He started to pull away, but this time, instead of releasing him Angus tightened his grip.

“Alex, ye’re no’ thinking right. Ye canna just go off to England or wherever, like that. That bastard knew ye loved her, and he’d do anything to hurt ye, even if he wouldna live to see it.”

Alex turned to face Angus and looked at him properly now, his eyes dark with pain and the remains of his rage against Richard, his mouth hard with determination.

“Angus, I made her a promise.

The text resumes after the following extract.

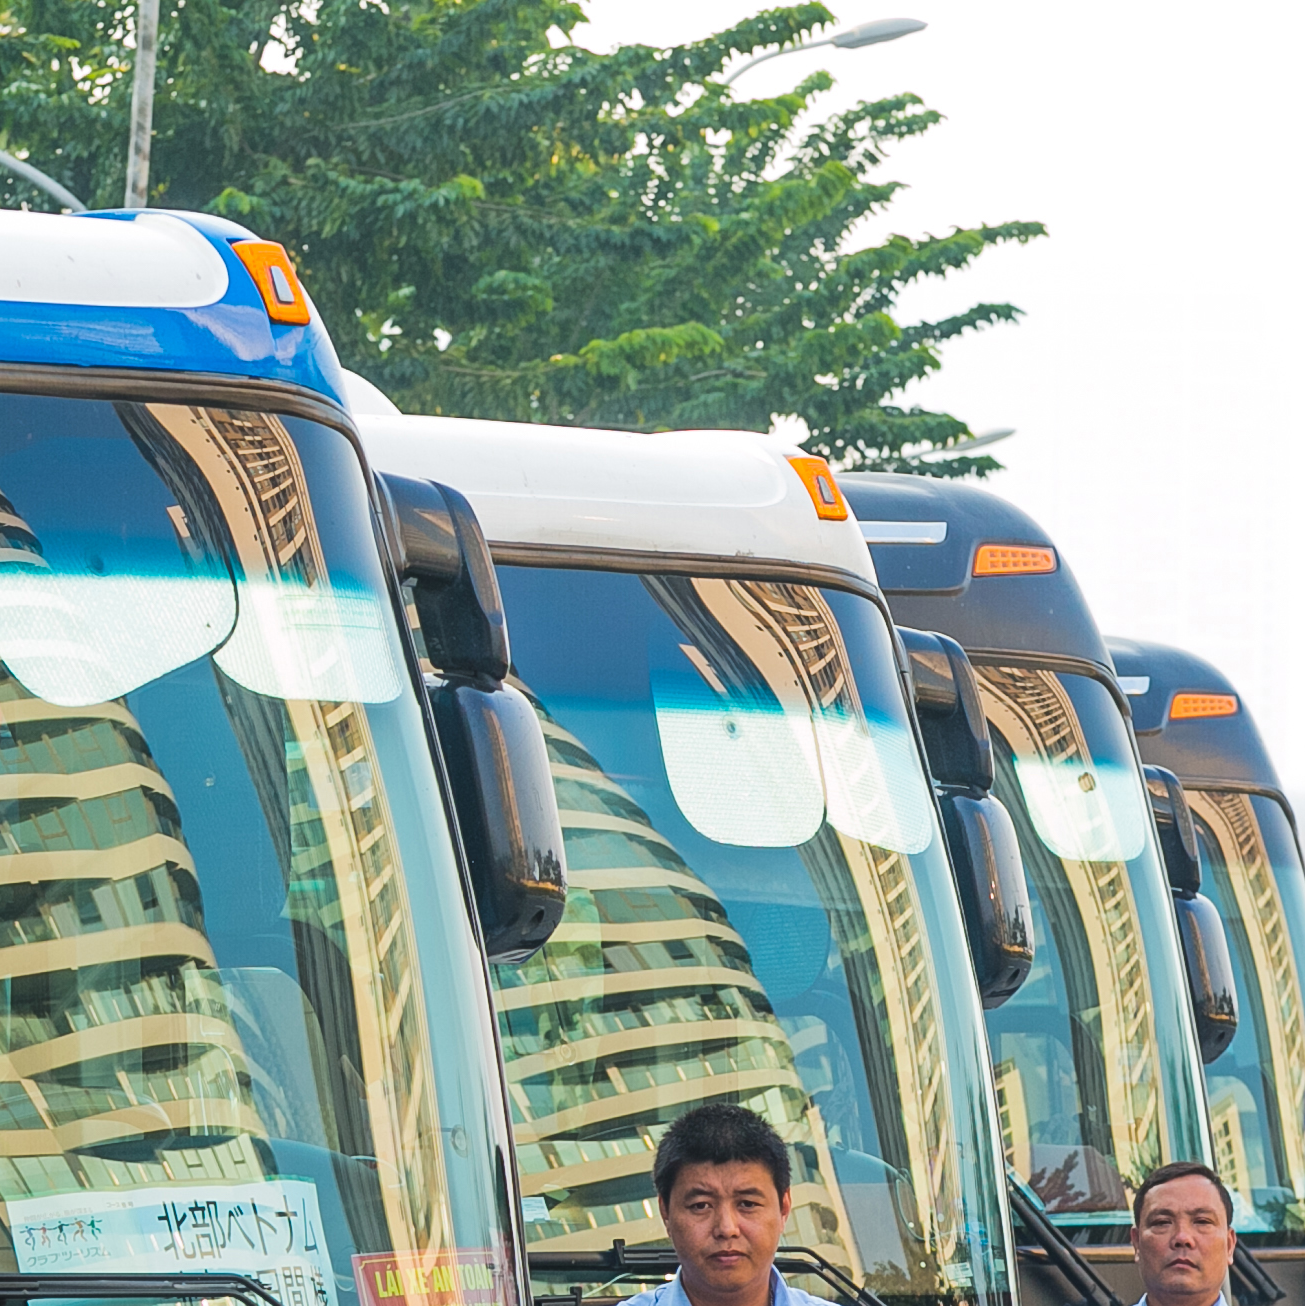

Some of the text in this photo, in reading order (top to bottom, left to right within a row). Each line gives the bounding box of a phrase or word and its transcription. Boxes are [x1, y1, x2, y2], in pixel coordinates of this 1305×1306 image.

I tellt her I’d come for her. I have to keep it. You can lead the clan while I’m gone. Now let me go. That’s an order from your chieftain.”

Any other human being, on hearing Alex’s tone as he uttered that last sentence, would have obeyed him. When Angus didn’t, Alex wrenched his arm free and turned away, intending to carry on down to the lochside.

He managed maybe five paces before Angus ran after him, wrapping his arms round him from behind and dragging them both to the ground, Angus landing on top of his brother, who was face down in the heather.

“And as your brother,” Angus said desperately, “I canna let you go. They’ll kill ye. I canna let that happen.”

Alex’s temper exploded immediately and with a strength born of blind rage he succeeded in heaving his brother off his back, and then seeing Angus immediately reaching for him again, hit him full in the face as hard as he could to stop him.

Angus fell backwards for a moment, the force of the blow causing him to see stars, then he threw himself forward again, gripping Alex’s legs as he tried to stand and bringing him down in the heather and gorse once more, then punching any part of his body he could reach, desperate to incapacitate Alex enough to stop him dashing off to certain arrest and execution.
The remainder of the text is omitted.